Embarrassing the bride, groom or their family should be avoided at all costs especially during the most important day for the newlyweds. The rules for the guests are much easier to follow and they come naturally to most people. Here are a few tips you should be aware of that will help make you a great wedding guest!

 

Your Invitation

  • Each invitation has an RSVP date. Because an accurate count is needed well before the date of the wedding, it wouldn’t do to respond late, even if you don’t plan to attend. Failure to respond in a timely manner is considered rude and disrespectful and can be very stressful to the bride and groom.
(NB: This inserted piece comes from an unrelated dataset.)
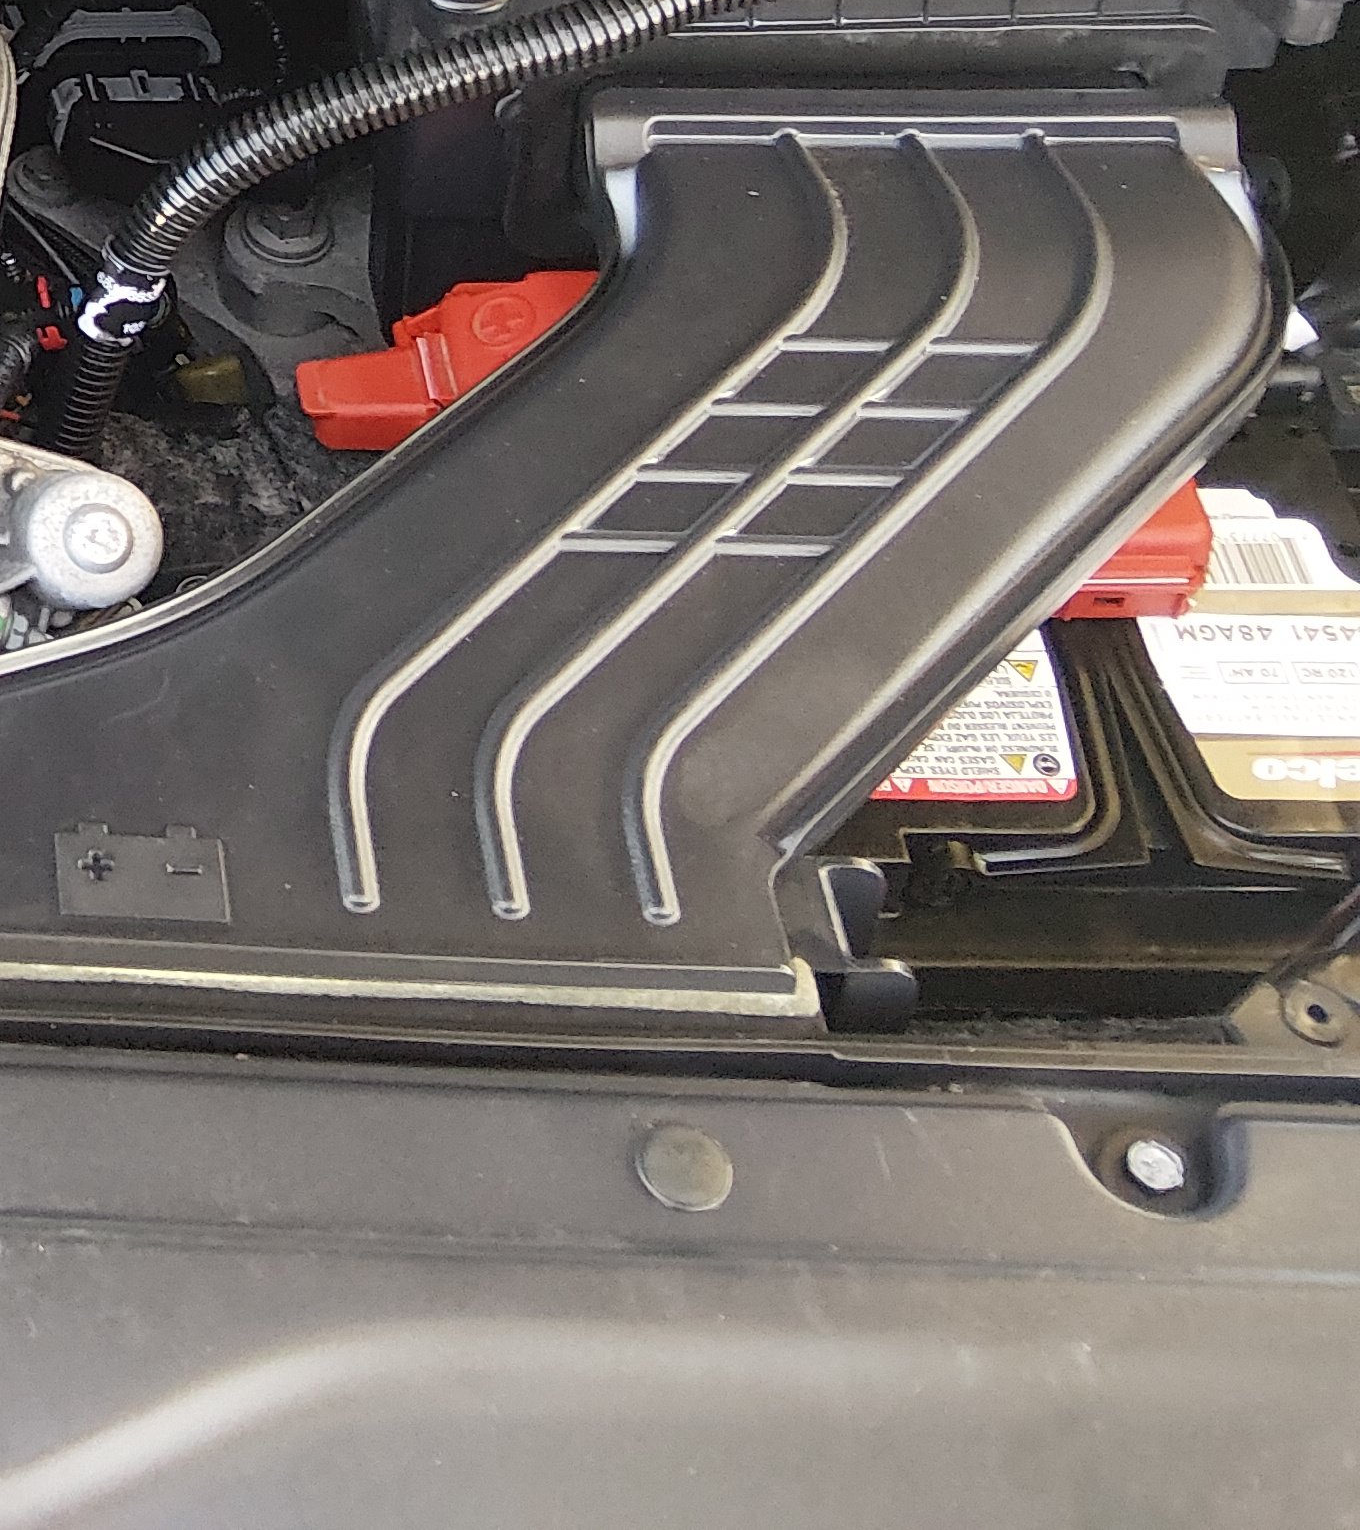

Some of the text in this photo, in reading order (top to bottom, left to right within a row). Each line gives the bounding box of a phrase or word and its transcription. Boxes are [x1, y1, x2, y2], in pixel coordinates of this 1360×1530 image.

Many vital decisions are based on the number of guests who will be attending a wedding and it is therefore very important and polite to confirm one’s attendance as soon as you can, to make work easier for the couple and the planners.  From meals to décor to the seating list, if the bride and groom don’t have their guest count, many things cannot be finalized and their budget remains in flux.  There are enough last minute details they will have to handle, try not to make your RSVP one of them.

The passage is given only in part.